How utterly naive I was! The only person who smiled was the youth leader who had contacted me. Following breakfast, I took the lectern and while my delivery probably revealed my discomfort adding to the awkwardness of the encounter, the body language of my audience was nothing short of stiff chagrin.
Since that article, I have been much less open regarding my experience with homosexuality. First and foremost, our children would start entering the local public high school in two years following the article; my wife and I decided they need not have to deal with defense of their father in that setting. (They are all now adults and have given their permission for me to share.)
Second, I have discovered the topic is difficult for some groups to handle openly when it is presented in first person terms. An abstract discussion in third person over the politics, social ramifications or spiritual aspects located in a Sunday school classroom is sterile. A live human being exposes everyone to an encounter with fears or sometimes loathsome emotional responses.
My own fear as a young Christian kept me from ever, ever talking about what I felt with anyone. I came close on two occasions to speaking about the feelings with a youth pastor but could not manage the risk of rejection. I dealt with the feelings by attempting suppression of them while pretending to everyone I was straight and dating as socially expected. Alone, I prayed, "Deliver me!" However, my prayer was spiritually immature and in hindsight, dishonest.
This series is about the journey of overcoming a life-dominating sin. Sin that is one's very being. This is the first lesson I learned in that battle. God doesn't take away anyone's desire for sin.

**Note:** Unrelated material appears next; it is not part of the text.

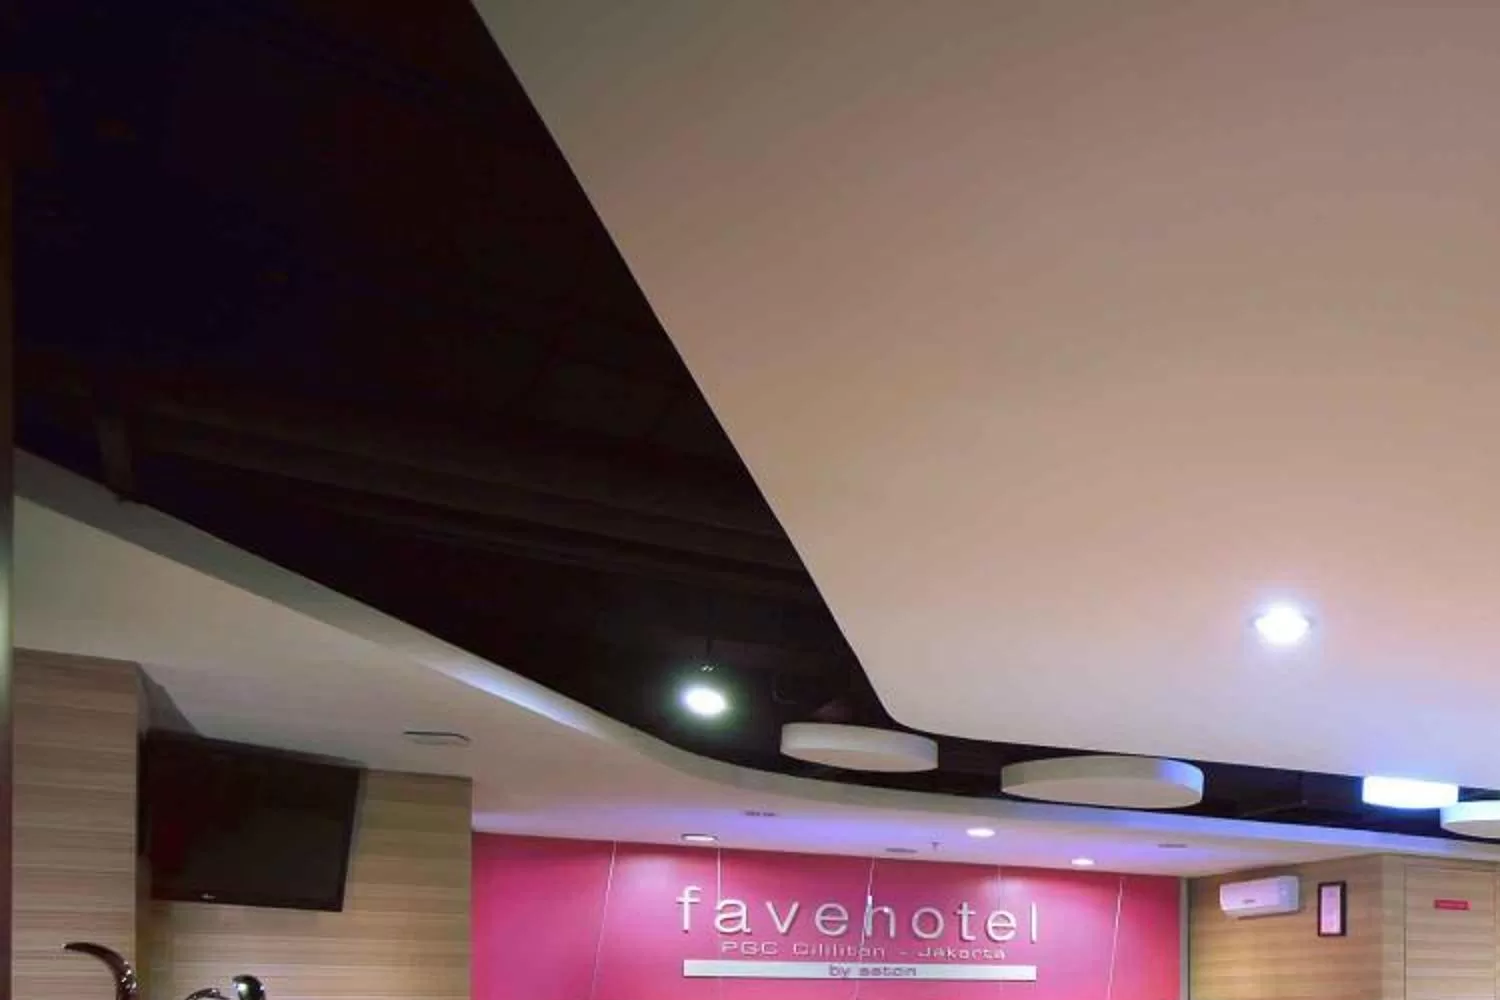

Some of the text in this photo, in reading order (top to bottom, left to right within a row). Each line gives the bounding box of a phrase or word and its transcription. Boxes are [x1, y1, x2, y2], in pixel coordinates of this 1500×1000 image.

[676, 885, 1038, 943] favehotel
[721, 941, 778, 955] PGC
[829, 964, 917, 980] by aston
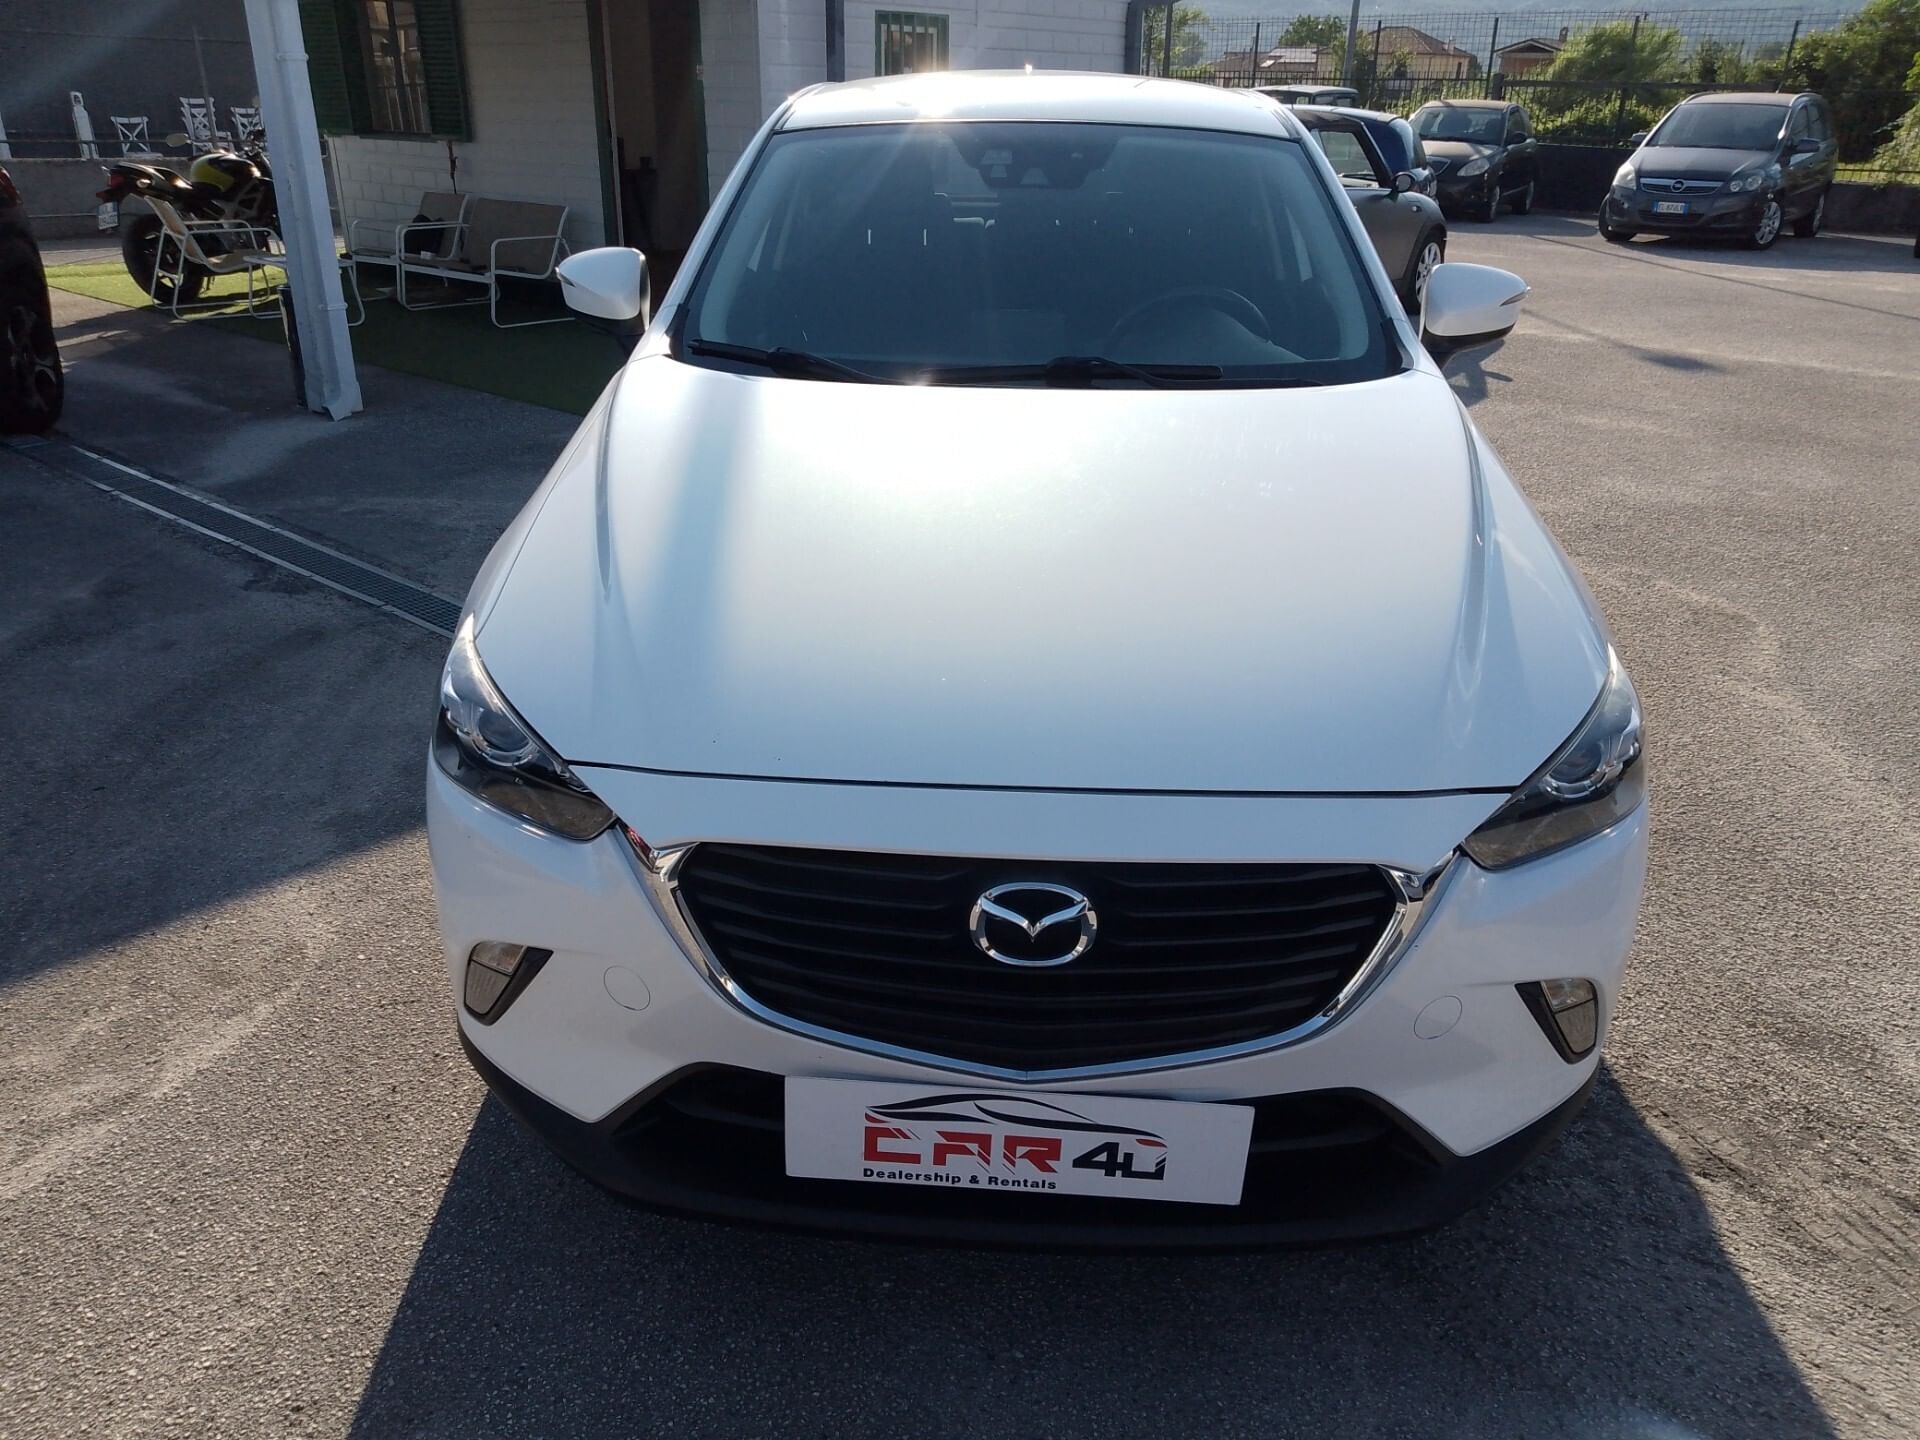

Once I recommitted my life to Christ and sought spiritual understanding of my own soul as a young man walking away from the homosexual life, I remembered those early prayers for deliverance. I began to understand: God doesn't take anyone's "flesh" away. By flesh, we often mean our sin nature. It is important to realize, I think, when dealing with the issue of original sin and the nature within us which is set against God, using the term flesh as a euphemism for our sin nature may mask from our spiritual insight the truth of sin as inherently tied to our physical bodies. We accept the body, our biological abode, as somehow spiritually neutral, while it's that sinister, ethereal flesh that gets in so much trouble. (More on this later.)
Asking God to take away our sin nature sounds like a good, pious prayer. However, it is utterly useless and self-serving. We experience no active faith in God, if He acts to remove from us our love of self. (He would literally have to take away our bodies to answer this prayer, which is a bit impractical.) He will not answer this prayer as we suppose He should, because the answer we seek removes from us any responsibility for our own actions. He provided for our condition when He sacrificed His own Son. If we have no flesh or sin nature which is our other choice in place of Him, then to choose Him is no choice, and therefore, no love can be known.
To know love as He defines love is among His goals for us, no?